People going to Los Angeles County’s courthouses will no longer have to comply with social distancing requirements, starting Monday, but will still be required to wear masks while inside courtrooms and other public areas of the courthouses, the presiding judge announced Thursday.
“For many months, we have required everyone in a courthouse to socially distance and remain six feet apart — at entrances and in hallways, elevators, courtrooms and offices,” Presiding Judge Eric C. Taylor said in a written statement. “Beginning June 28, it will no longer be required to stay six feet apart from other people.
“I want to extend my sincere gratitude to everyone who has made this day possible by following federal, state and L.A. County public health protocols and who led the efforts towards public vaccination. This is a great day for everyone who visits and works in our courthouses.”
The new order will eliminate the requirement for advance appointments for court services, along with the need to make an online request for in-person courtroom seating.
The court is “aligning with, and responsibly following, federal, state and county public health and Cal/OSHA workplace guidance that eliminates social distancing in public spaces,” Taylor said.
“Public health guidance also dictates safety measures, including mask-wearing, to protect workers and the public from the spread of the virus and those persons not yet vaccinated. This is a huge step forward in our rise from the pandemic,” Taylor said.

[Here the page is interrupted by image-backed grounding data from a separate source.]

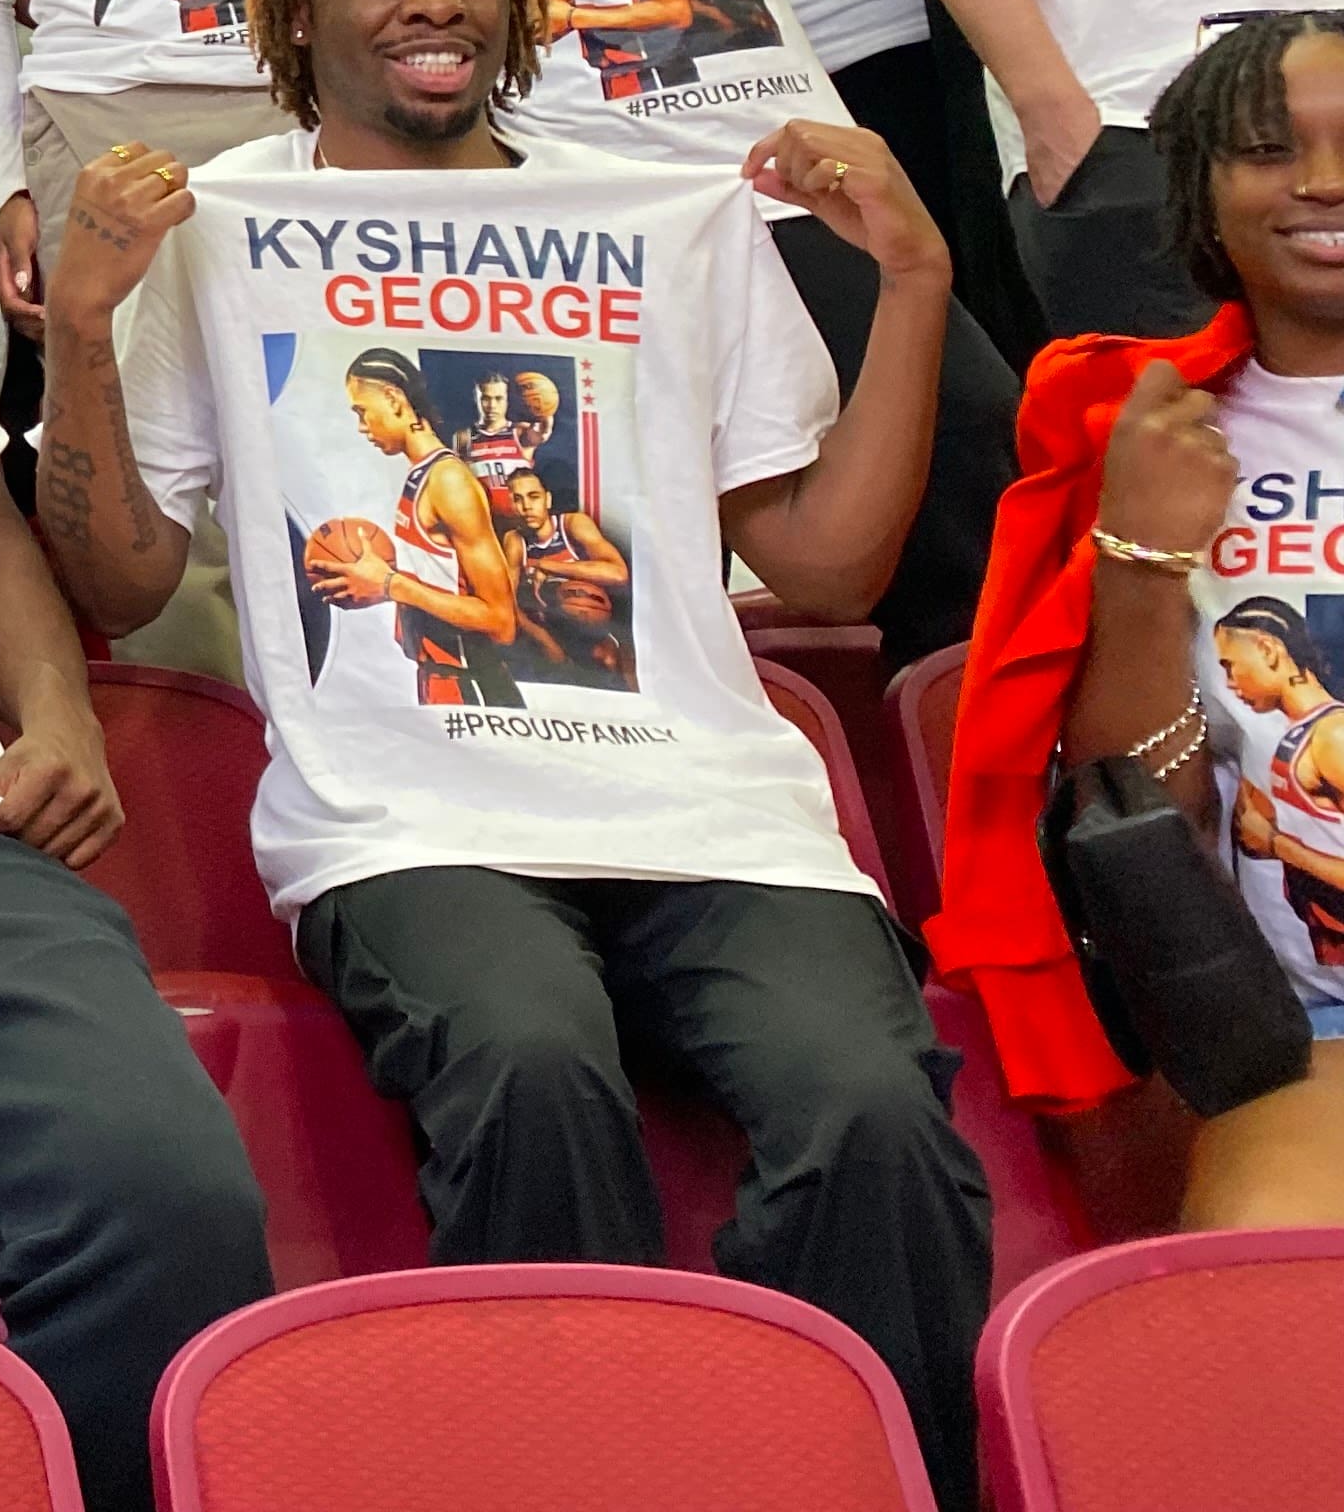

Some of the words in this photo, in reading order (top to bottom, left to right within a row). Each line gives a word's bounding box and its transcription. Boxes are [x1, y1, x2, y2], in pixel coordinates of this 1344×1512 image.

[627, 73, 813, 118] #PROUDFAMILY
[244, 216, 645, 287] KYSHAWN
[324, 273, 643, 345] GEORGE
[485, 462, 506, 488] 18
[444, 713, 679, 746] #PROUDFAMILY

Face masks that are worn over the nose and mouth will continue to be required, and people who decline or refuse to wear a face mask without a court order exempting them from the mask requirement will be denied entry to the courthouse and/or courtroom, according to the court.
The court noted that eating or drinking is prohibited in courthouse hallways, although courthouse snack bars and cafeterias are expected to re-open.

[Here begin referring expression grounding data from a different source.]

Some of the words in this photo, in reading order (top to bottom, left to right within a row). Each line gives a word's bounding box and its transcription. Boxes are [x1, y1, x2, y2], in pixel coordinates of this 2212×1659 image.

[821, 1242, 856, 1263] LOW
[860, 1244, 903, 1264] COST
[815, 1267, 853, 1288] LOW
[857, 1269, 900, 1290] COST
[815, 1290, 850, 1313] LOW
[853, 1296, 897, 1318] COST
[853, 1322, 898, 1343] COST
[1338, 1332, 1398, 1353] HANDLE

Meanwhile, the court is also canceling its remote audio attendance program that has allowed the media and the public to listen remotely to courtroom proceedings without going to court since Jan. 11.
The court said the temporary program — which will no longer be offered as of Monday — had been implemented during the pandemic, with officials recognizing that there may be abuses of the court’s orders barring recording, filming and distribution of court proceedings.
The court cited “widespread breaches” by the public in a “recent court proceeding” that highlighted the need to return to in-person, open courtroom proceedings.